Sending Caedmon up to watch a movie on the guest bed for his rest time, I warned: “Don’t get up until I come to get you.”
“But what if my movie is over before rest time is over?”
“If you fast forward through all the slow parts and watch all the good parts of your movie before time is up, then have to go back and watch the slow parts again, that’s not my problem.”
(The lesson hasn’t been learned, by the way.)

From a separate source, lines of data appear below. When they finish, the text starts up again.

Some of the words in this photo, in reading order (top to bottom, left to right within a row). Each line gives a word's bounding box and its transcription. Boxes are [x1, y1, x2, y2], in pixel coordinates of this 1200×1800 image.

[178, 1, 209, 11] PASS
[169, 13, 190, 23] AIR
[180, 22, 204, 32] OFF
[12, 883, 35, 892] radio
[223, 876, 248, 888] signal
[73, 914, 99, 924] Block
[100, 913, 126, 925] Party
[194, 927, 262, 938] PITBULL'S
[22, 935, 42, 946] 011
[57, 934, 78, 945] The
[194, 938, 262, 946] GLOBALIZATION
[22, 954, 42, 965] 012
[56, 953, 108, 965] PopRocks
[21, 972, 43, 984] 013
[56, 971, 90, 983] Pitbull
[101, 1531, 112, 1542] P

The kids were upstairs in their respective bedrooms for roomtime. (Roomtime is when they play alone in their rooms for a little while each day. It’s a wonderful practice.) Caedmon was told he must pick up his room before he was allowed to get other toys out to play. As this was not the news he wanted to hear, he proceeded to pitch an epic fit – behind his closed door. Before I could get upstairs to put a stop to the tantrum, I heard Honor yelling across the hall, “Caedmon! Stop your fit crying! You’re ok!”
It’s good to know the fullness of my gift of mercy is being passed down.
While playing together upstairs:
Caedmon: Honor, my LEGOs are in the playroom, and I don’t want you to mess them up. So, I guess we can go in your room and have a tea party. *deep sigh*
(A different day than above)
Caedmon: Honor, do you want to have a tea party?
Caedmon: Ok, but will you let me shoot all your stuffed animals with my Nerf gun if I have a tea party with you?
Honor: No, that’s not fair!
Honor: Ok, you can shoot them.
There’s a heavy price to pay for a decent tea party around here.